We end up with $X^T X = M(\xi)$.

The variance of prediction:

\begin{equation}
d(x, \xi) =  f(x)^T M(\xi)^{-1} f(x)
\end{equation}

\begin{theorem}
\underline{The General Equivalence Theorem}:

The following three statements are equivalent

\begin{enumerate}
\item
The design $\xi*$ maximizes $\mid M(\xi*) \mid \Leftrightarrow$ D-optimality. 
\item 
The design $\xi*$ minimizes max$_{x\in \Omega} d(x,
\xi)$ G-optimality.
\item \textbf{Key point of GET}
max$_{x\in \Omega}d(x,
\xi*)=p$ (number of parameters)
\end{enumerate}
\end{theorem}

\textbf{Practical implication}: we can identify an optimal design (D- or G-optimal) by determining that the maximum variance of prediction is equal to the number of parameters. If the max variance of prediction is not equal to the number of parameters, then the design is not optimal.

This is convenient because it is often difficult/tedious to prove D- or G-optimality.

\textbf{Example (Task 11)}:

Find an optimal design with two observations for the model:

\begin{equation}
E[Y] = \beta_1 x_1 + \beta_2 x_2
\end{equation}

Using any pair of points (-1,-1),  (1,-1), (-1,1), (1,1). Determine whether it satisfies the conditions of the GET.

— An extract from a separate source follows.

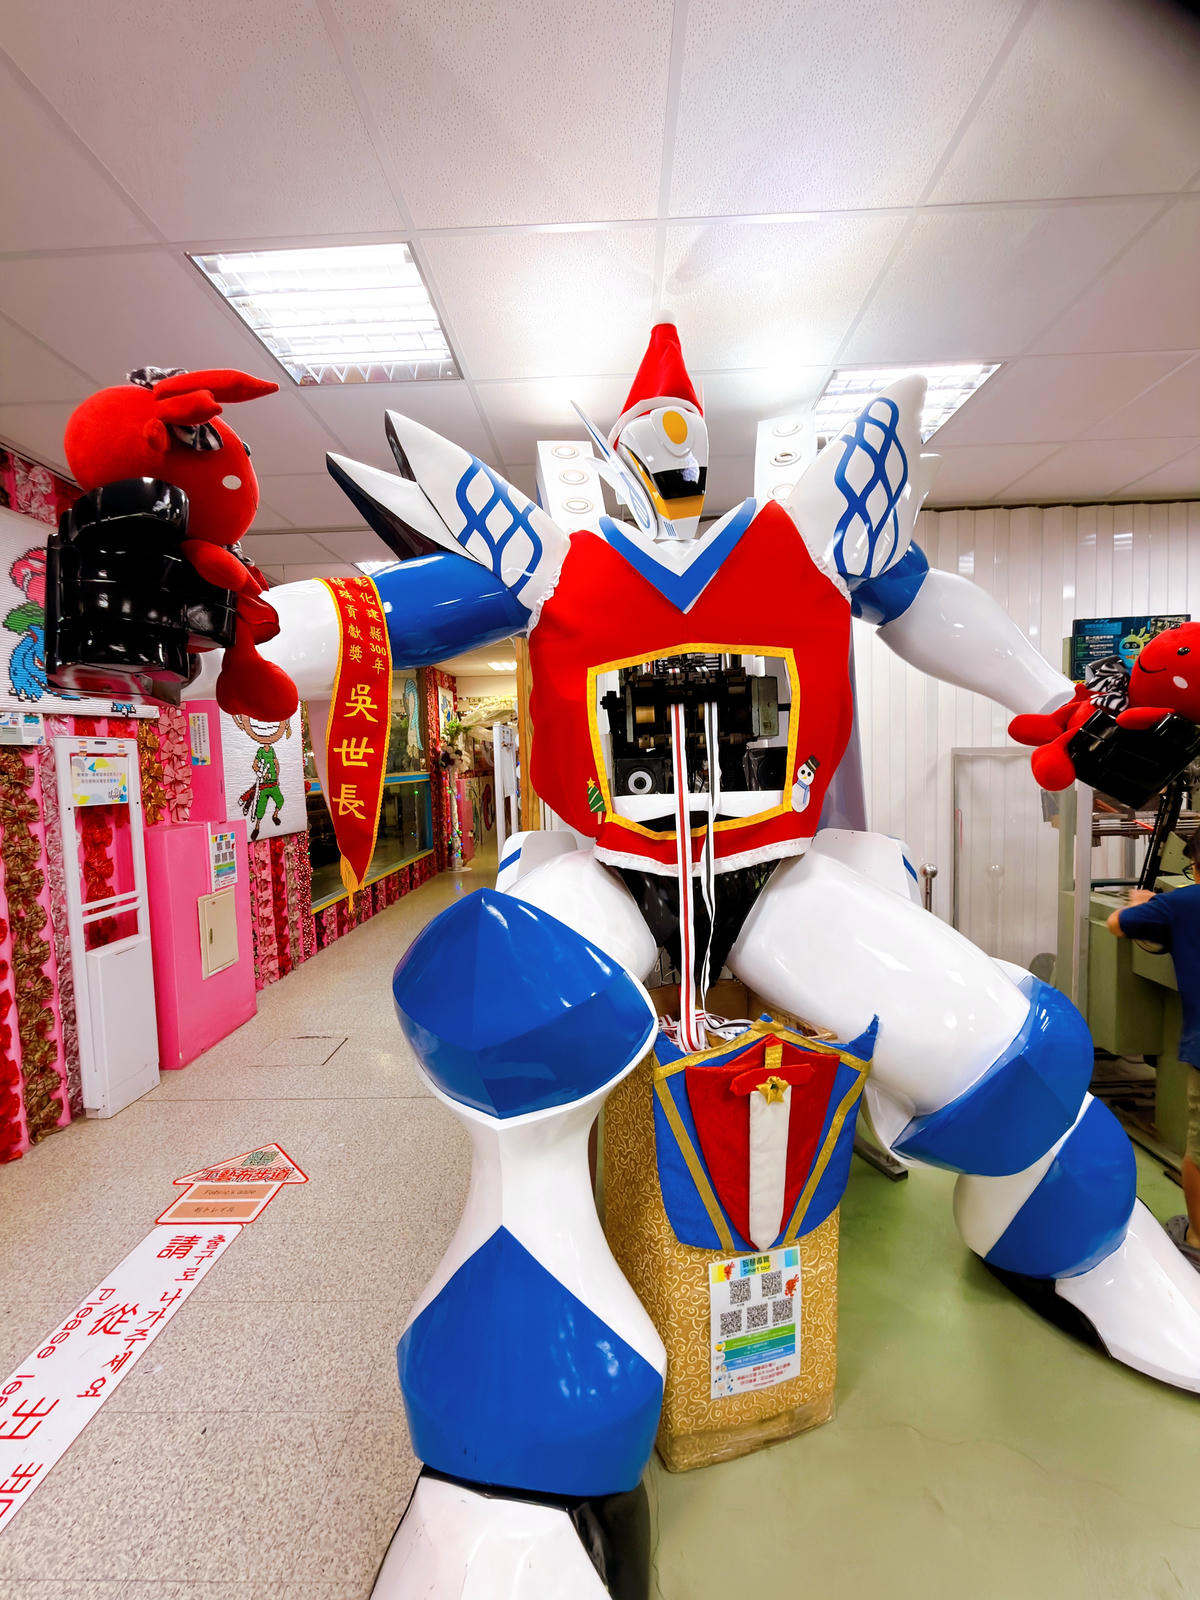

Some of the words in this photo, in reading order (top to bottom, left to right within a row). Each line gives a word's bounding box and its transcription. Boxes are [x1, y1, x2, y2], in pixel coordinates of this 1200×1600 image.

[353, 577, 387, 675] 彰化建縣300年
[332, 684, 379, 820] 吳世長
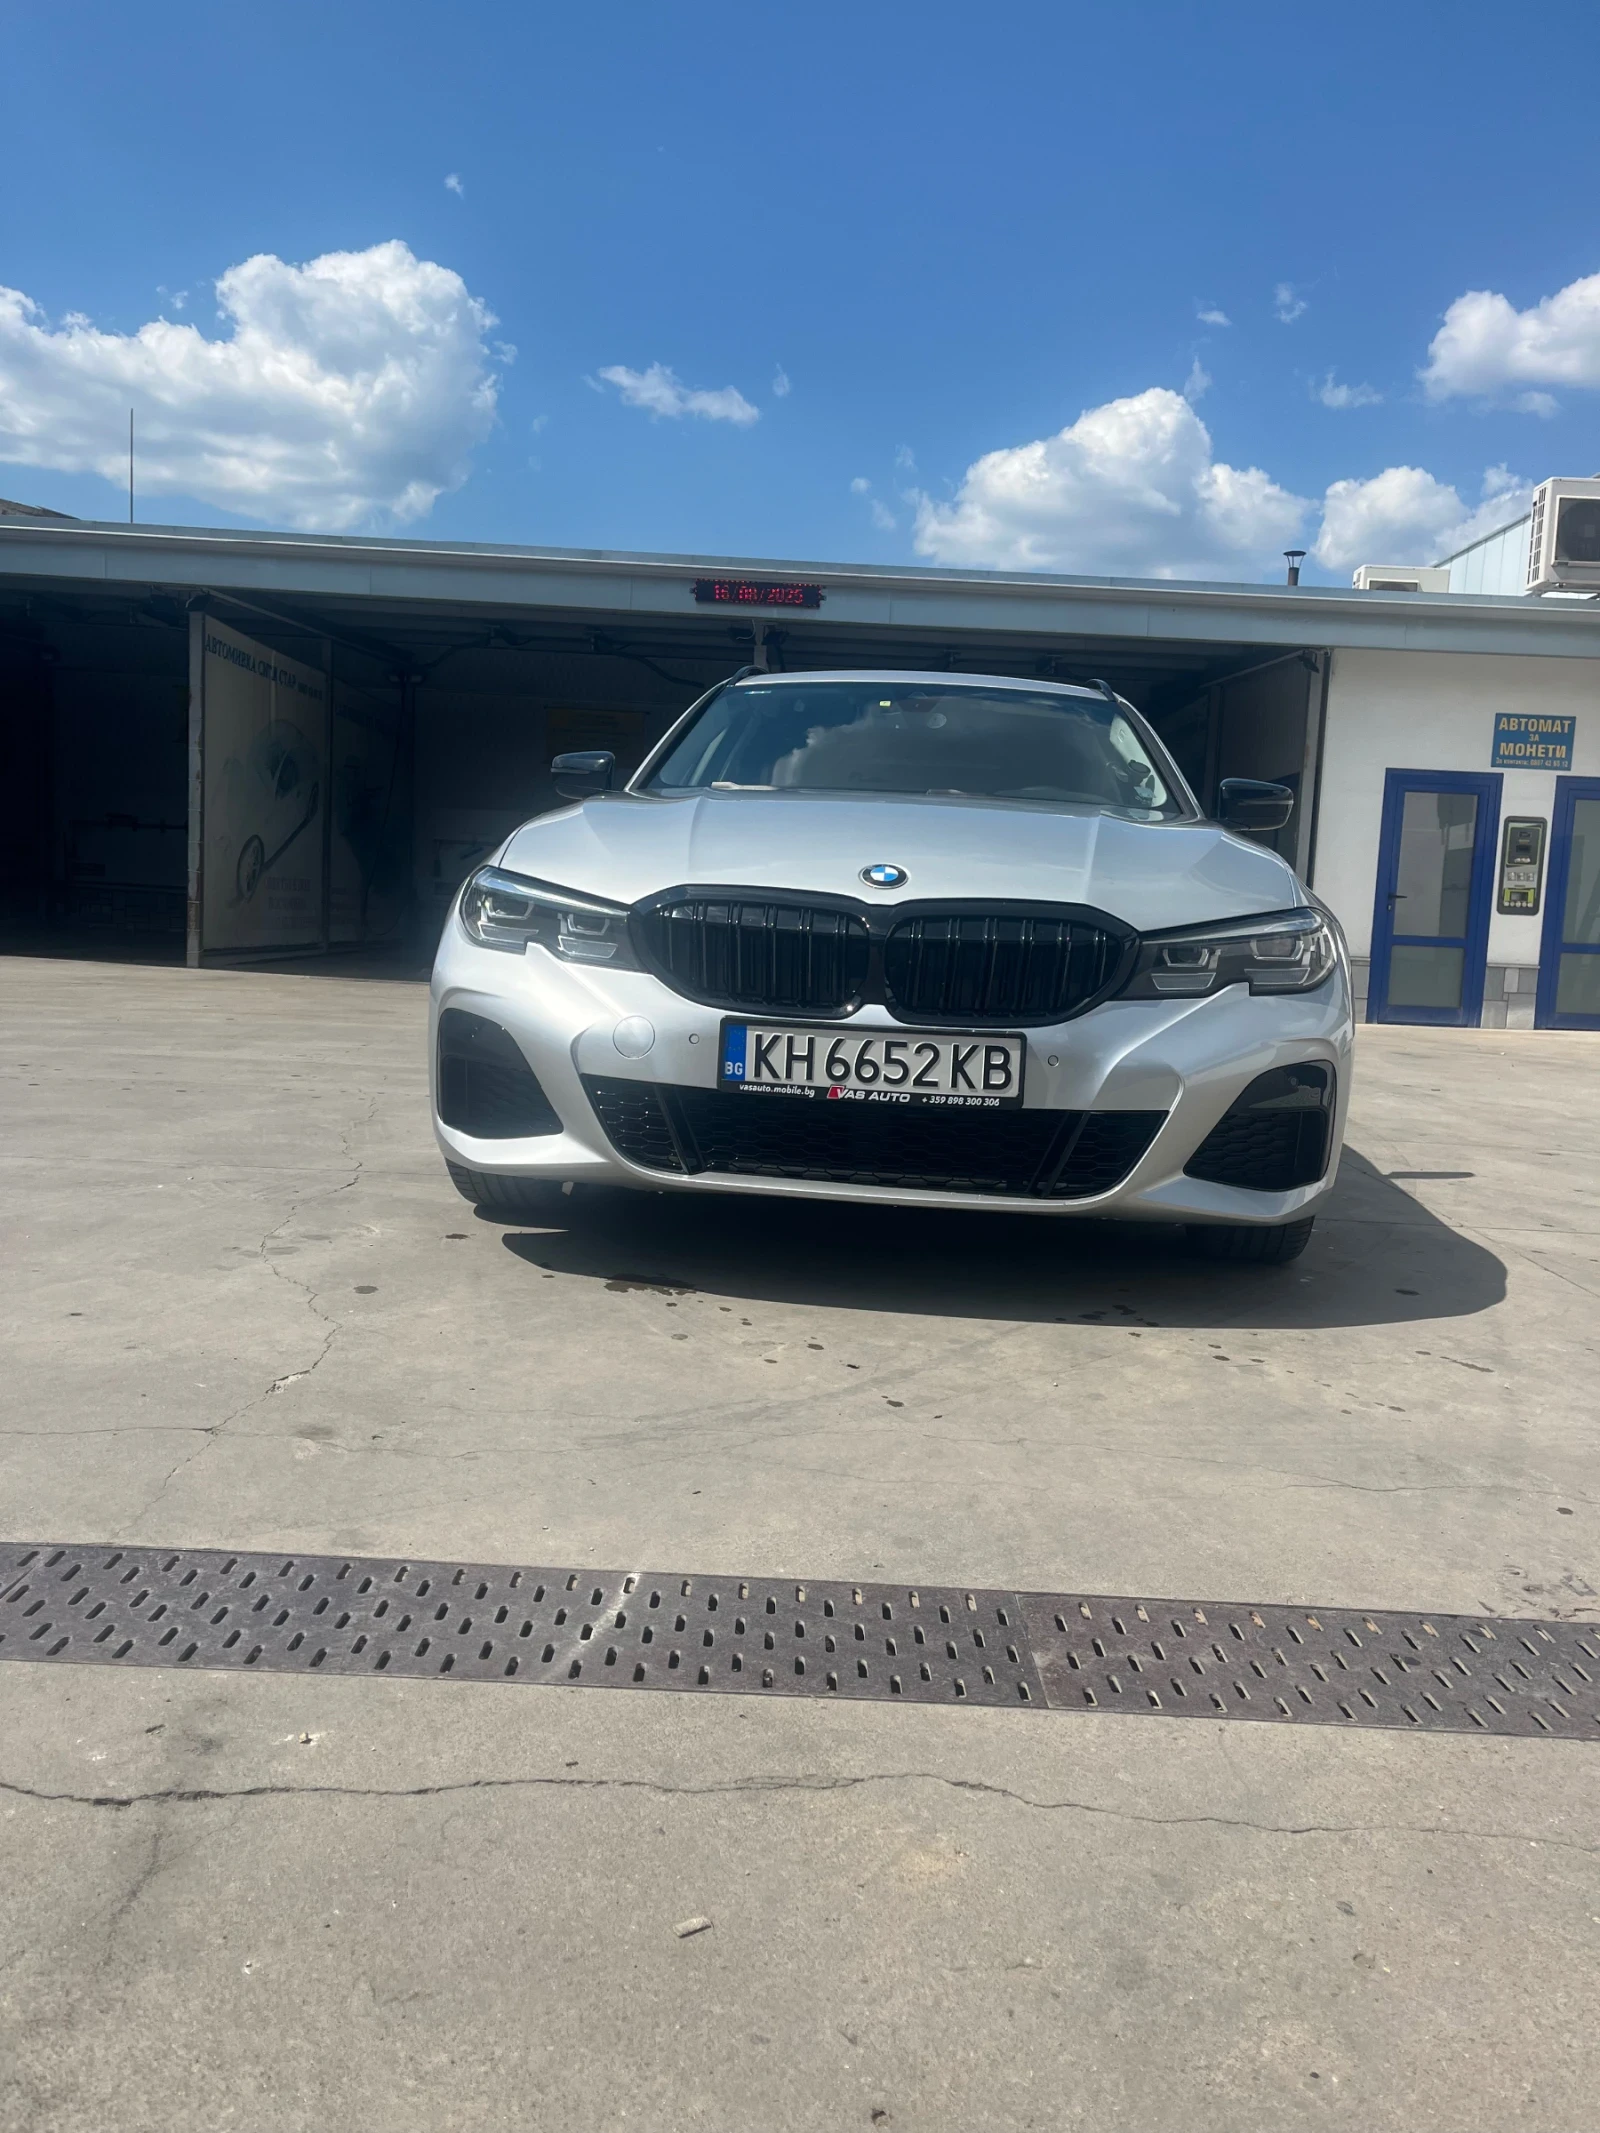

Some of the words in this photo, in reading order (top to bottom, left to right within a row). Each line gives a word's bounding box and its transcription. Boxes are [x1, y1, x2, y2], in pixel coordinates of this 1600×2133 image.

Solution: choose adjacent points (-1,-1),  (1,-1).
This means that $f(x)^T = (x_1~x_2)$, and 

$X=\begin{pmatrix}
-1 & -1 \\
1 & -1 \\
\end{pmatrix}
\Rightarrow
X^T X = 
\begin{pmatrix}
-1 & 1 \\
-1 & -1 \\
\end{pmatrix}
\begin{pmatrix}
-1 & -1 \\
1 & -1 \\
\end{pmatrix}
=
\begin{pmatrix}
2 & 0 \\
0 & 2 \\
\end{pmatrix}
$

The inverse is:

$(X^TX)^{-1}=
\frac{1}{4}
\begin{pmatrix}
2 & 0 \\
0 & 2 \\
\end{pmatrix}
=
\begin{pmatrix}
1/2 & 0 \\
0 & 1/2 \\
\end{pmatrix}
$

So,

$d(x)= n \times f(x)^T (X^TX)^{-1} f(x)
= 2
\begin{pmatrix}
x_1 & x_2\\
\end{pmatrix}
\begin{pmatrix}
1/2 & 0 \\
0 & 1/2 \\
\end{pmatrix}
\begin{pmatrix}
x_1\\
x_2\\
\end{pmatrix}
= x_1^2 + x_1^2$

This will be maximal when $x_1^2 = x_2^2 =1$ and then it equals 2, which is equal to the number of parameters, hence optimal.

\subsection{Old exam problem: Orthogonality, optimality, centering}\label{centering}

Suppose we have a model like

\begin{equation}
Y_i = \beta_0 + \beta_1 (x_i - \bar{x}) + \epsilon_i
\end{equation}

\begin{enumerate}
\item
Show that $\beta_0$ and $\beta_1$ are orthogonal.

\begin{equation}
X=
\begin{pmatrix}
1 & (x_1-\bar{x})\\
1 & (x_1-\bar{x})\\
\vdots & \vdots\\
\end{pmatrix}
\end{equation}

So, 

\begin{equation}
\begin{split}
X^T X=&
\begin{pmatrix}
1 & 1 & \dots \\
(x_1-\bar{x}) & (x_2-\bar{x}) & \dots \\
\end{pmatrix}
\begin{pmatrix}
1 & (x_1-\bar{x})\\
1 & (x_2-\bar{x})\\
\vdots & \vdots\\
\end{pmatrix}\\
= &
\begin{pmatrix}
n & \sum x_i -n \bar{x}\\
\sum x_i -n \bar{x} & \sum (x_i -\bar{x})^2\\
\end{pmatrix}\\
\end{split}
\end{equation}

Now, $\sum x_i - n\bar{x}=0$, so orthogonal.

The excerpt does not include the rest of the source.